ROANOKE, Va. (WFXR) — Jail and prison inmates in the Commonwealth are particularly vulnerable to the spread of disease due to the confined and restricted spaces they occupy, according to the New River Valley Jail.
Jail and prison personnel tell WFXR they are taking precautions, so the COVID-19 pandemic does not enter detention centers, which could spill over to inmates, personnel and the communities in which they reside. This includes canceling check-in programs and limiting detention visitations.
The Virginia Department of Corrections (VADOC) will use a questionnaire to screen visitors visiting prisoners beginning this weekend in an effort to minimize the spread of COVID-19.
Visitors are asked to reschedule their visit if they do not feel well, have traveled outside the country in the last 14 days, or have been in contact with someone diagnosed with COVID-19. Contractors, volunteers, and inmates transported from local jails to a state facility will also be screened.

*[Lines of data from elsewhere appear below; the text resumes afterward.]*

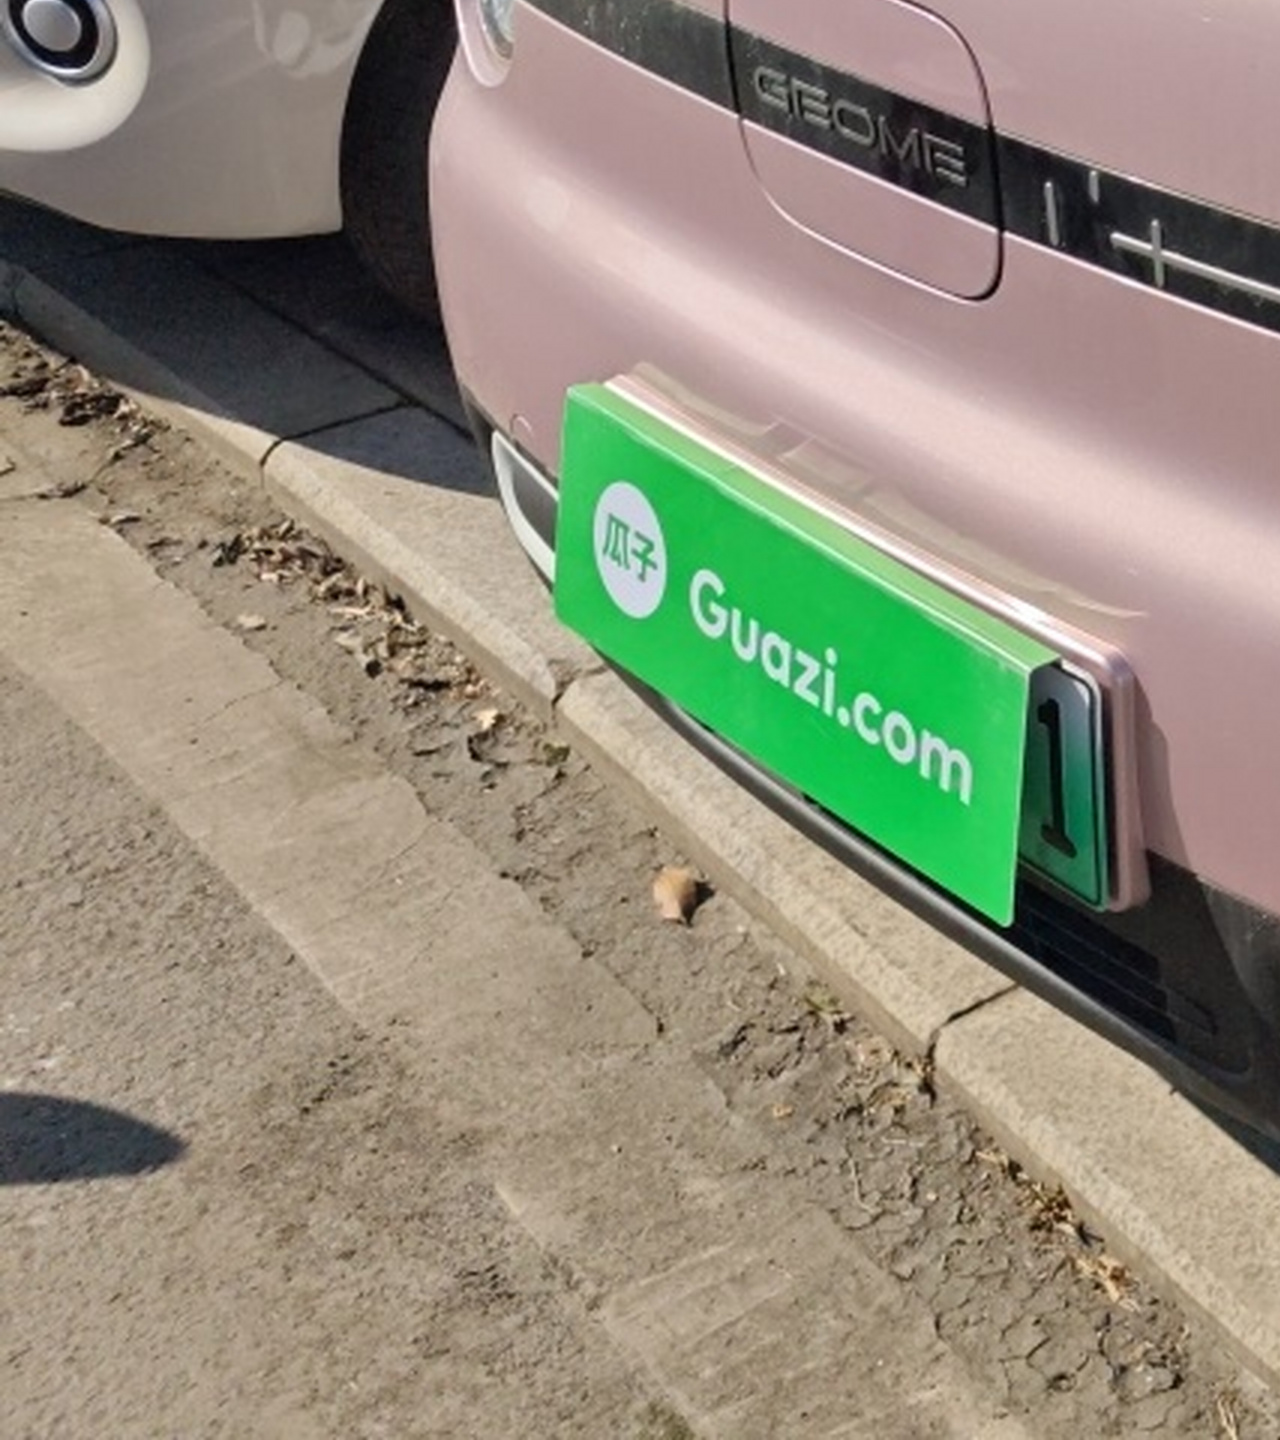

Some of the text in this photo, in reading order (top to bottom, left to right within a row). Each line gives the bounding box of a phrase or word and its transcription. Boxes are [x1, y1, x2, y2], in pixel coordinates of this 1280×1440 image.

[752, 64, 969, 188] GEOME
[602, 512, 658, 583] 瓜子
[689, 568, 973, 807] Guazi.com
[1037, 698, 1078, 859] 1
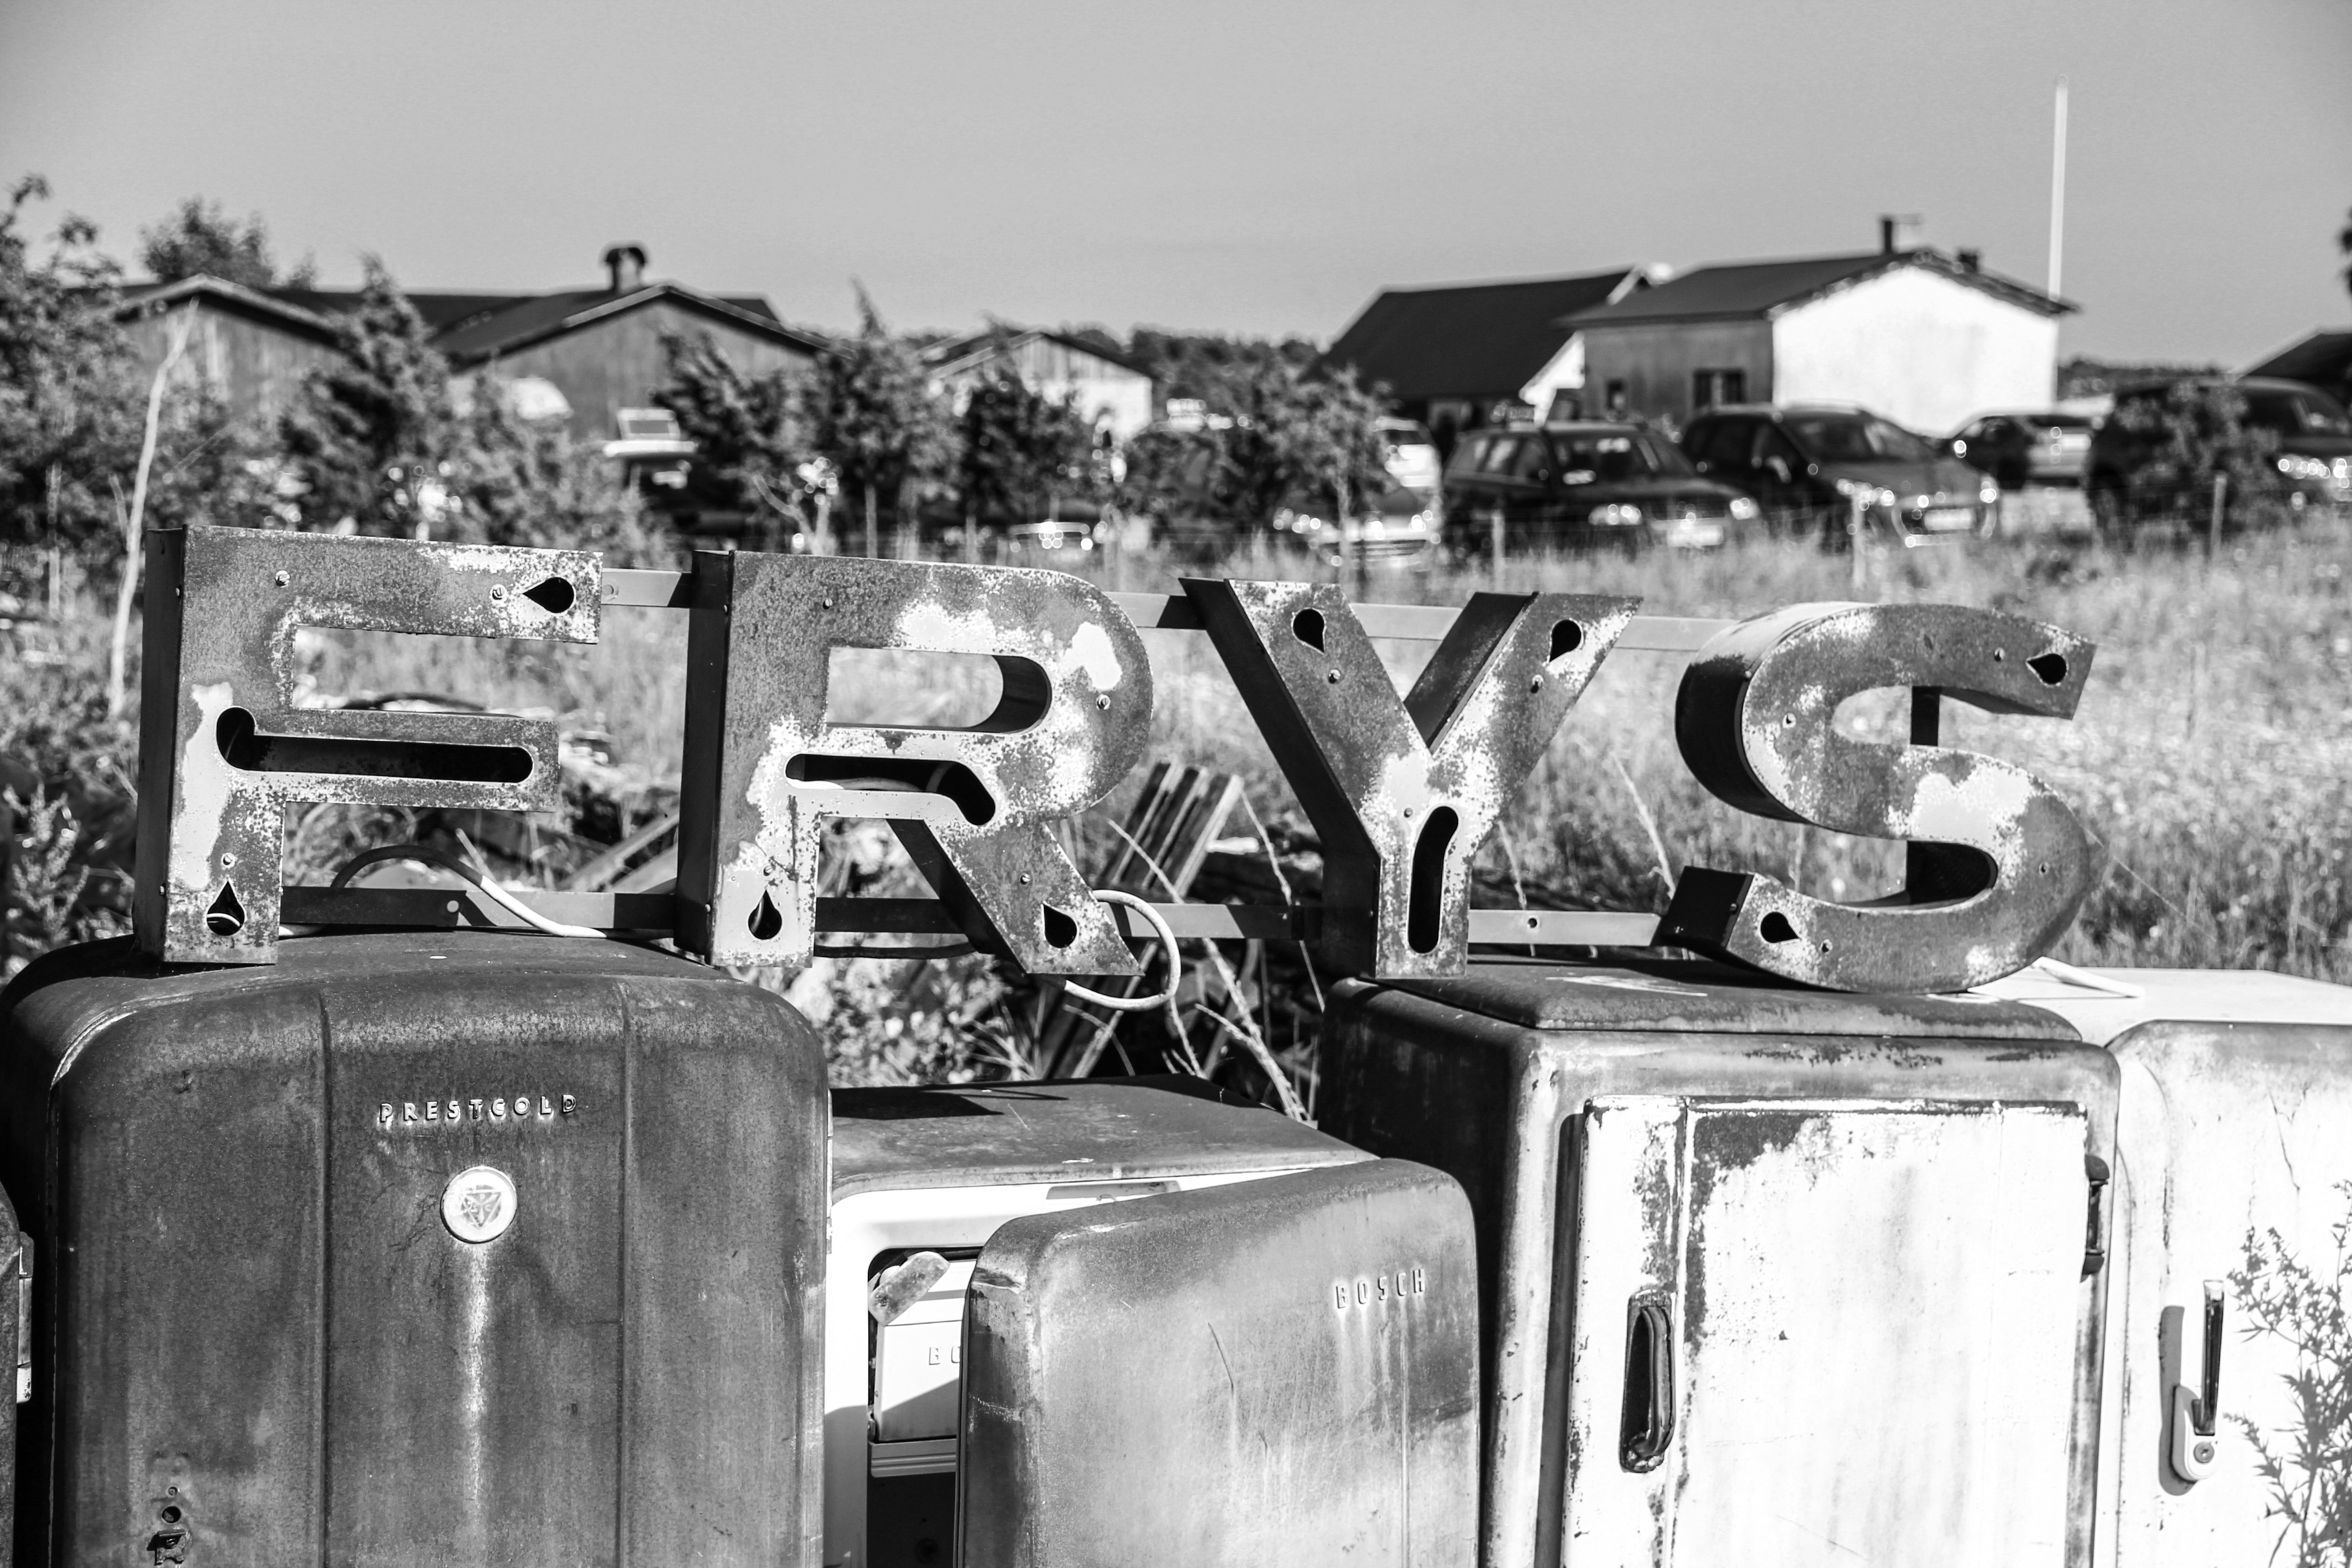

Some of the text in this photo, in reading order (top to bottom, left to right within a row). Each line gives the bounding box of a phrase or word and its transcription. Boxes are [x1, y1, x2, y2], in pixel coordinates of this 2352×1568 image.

According to VADOC, on average 4,000 people visit state correctional facilities each weekend.
While coronavirus is a new threat, VADOC stated, “As a large public safety agency, the VADOC is accustomed to managing communicable diseases.”
No reports of COVID-19 have originated in state prisons. If a prisoner were to contract the virus, VADOC would report it to the Virginia Department of Health and follow its instructions. The facility where the prisoner resides would be placed in lockdown and visitation at that facility would be stopped, said VADOC.

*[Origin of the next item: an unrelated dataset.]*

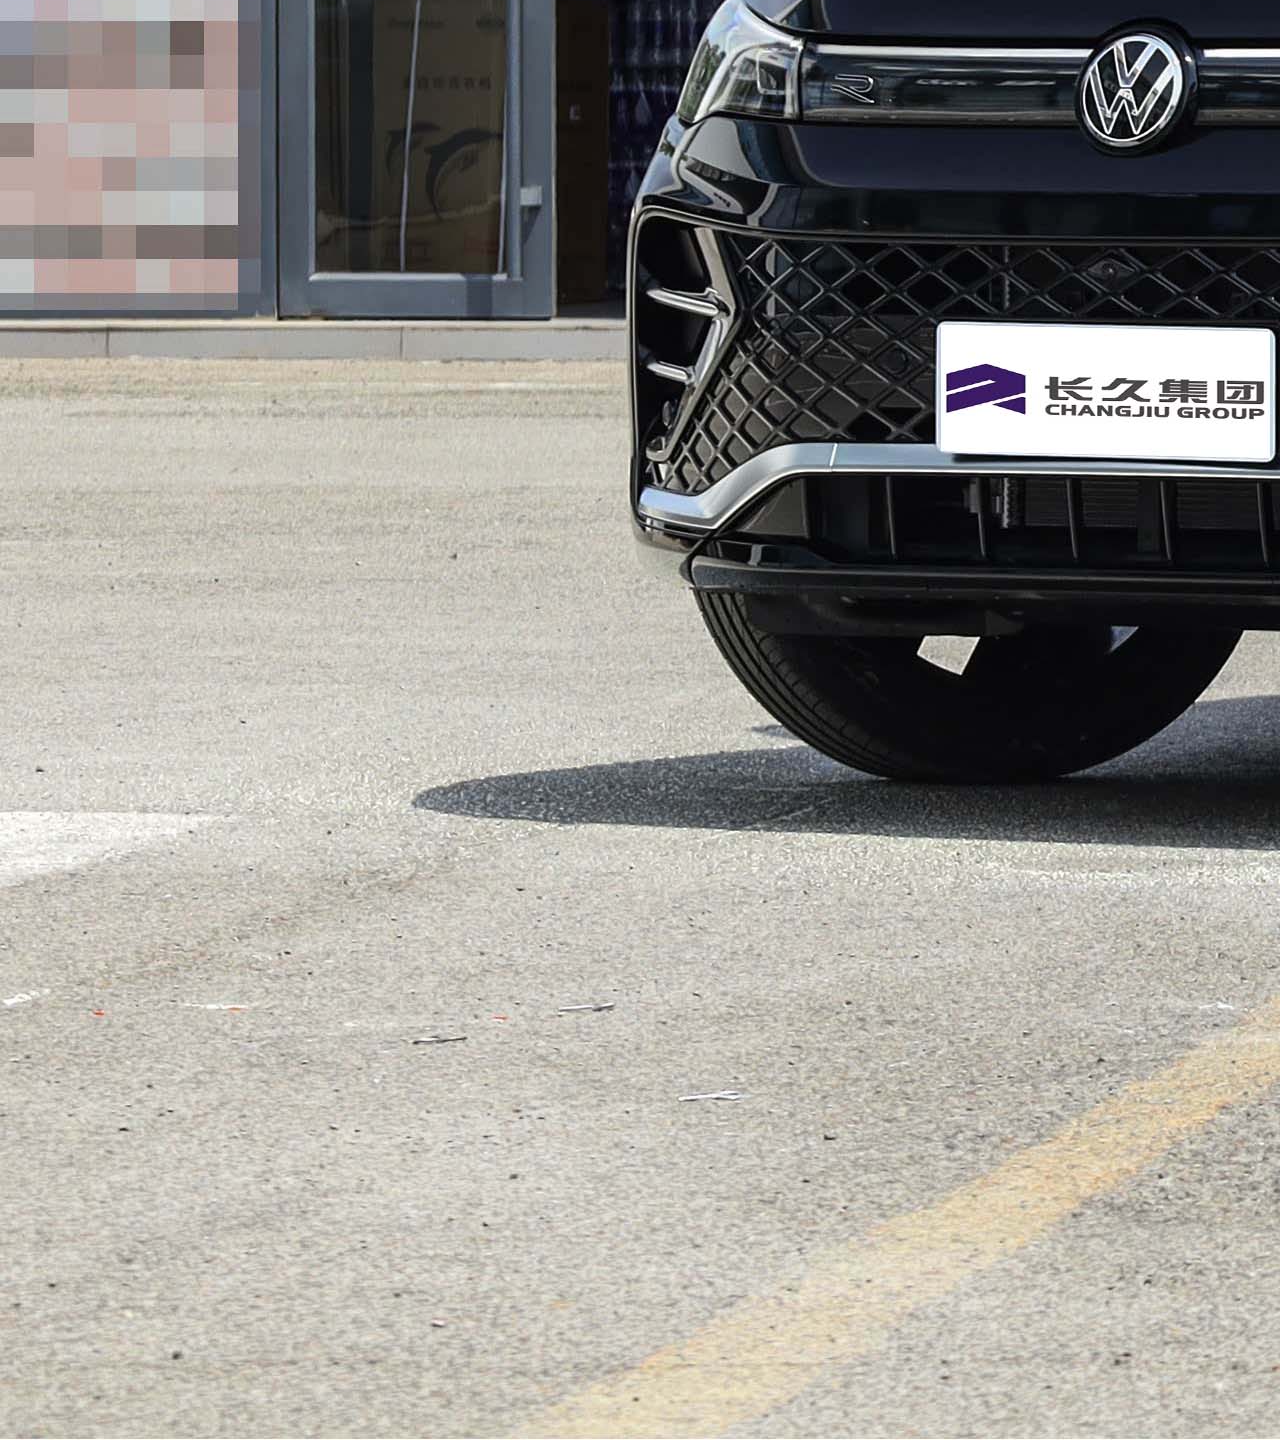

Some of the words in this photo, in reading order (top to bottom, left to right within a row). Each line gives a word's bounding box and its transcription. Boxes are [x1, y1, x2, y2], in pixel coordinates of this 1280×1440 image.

[1044, 376, 1265, 405] 长久集团
[1045, 404, 1170, 419] CHANGJIU
[1177, 406, 1265, 420] GROUP

VADOC said it’s taking inventory of their protective equipment including masks, face shields, gloves, and gowns in preparation for a possible outbreak.
Roanoke County Sheriff’s Office suspended its Weekender/Delayed Reporting program.
“Any person that is scheduled to report to the Roanoke County/Salem Jail with a reporting date of March 13 through the end of April needs to call (540) 283-3162 and speak to a deputy. The new reporting date will be May 22, 2020.”
Roanoke City Sheriff’s Office has also implemented changes to its everyday operations, including suspending programs as a manner of preventing the potential spread of the coronavirus.
A list of suspended programs include:
- Weekender Program, until April 25;
- Court-ordered workforce program, until April 25;
- Outside inmate work crews, until further notice;
- Outside volunteer programs, until further notice; and
- Physical visitation on Thursdays, Saturdays, and Sundays, until further notice.
Visitors can visit inmates via video in the absence of physical visitations, the sheriff’s office said.
The sheriff’s office has enhanced its arrestee medical pre-screening process and its daily cleaning. Staff is also keeping track of cleaning supplies and personal protective equipment to ensure that it’s stocked.
A New River Valley Jail official said he does not anticipate making changes operations in light of coronavirus concerns.
Gregory Winston, jail superintendent, said due to the tight space in which inmates are confined, jail personnel already take precautionary measures to prevent the spread of illnesses. This includes taking steps to avert the spread of influenza, hepatitis A, and now the coronavirus.
According to a 2007 study published in Clinical Infectious Diseases, newly incarcerated inmates, compared to the general public, have an increased prevalence of infection with airborne organisms including M. tuberculosis, and influenza virus.
Winston said jail personnel are in a constant state of readiness and treat efforts to maintain a sanitary facility as a “daily battle.”
“We don’t have alternatives,” he said. “You just can’t relieve overcrowding.”
The jail holds an estimated 960 inmates and serves Radford, Pulaski, Floyd, Carroll, Wythe, Bland, Giles, and Grayson Counties.
When people enter the jail, they receive a medical screening, including taking their vital signs, Winston said.
Inmates’ length of stay is an estimated 27 days. The jail may release detainees who return to their community or transfer them to a state detention center.
He said the jail transfers inmates to state prisons on an ongoing basis and communicates with personnel about people who are at higher risks of contracting illnesses such as the coronavirus.
The jail will not implement changes to visitors, Winston added, since visits happen behind glass with no possible physical contact with inmates.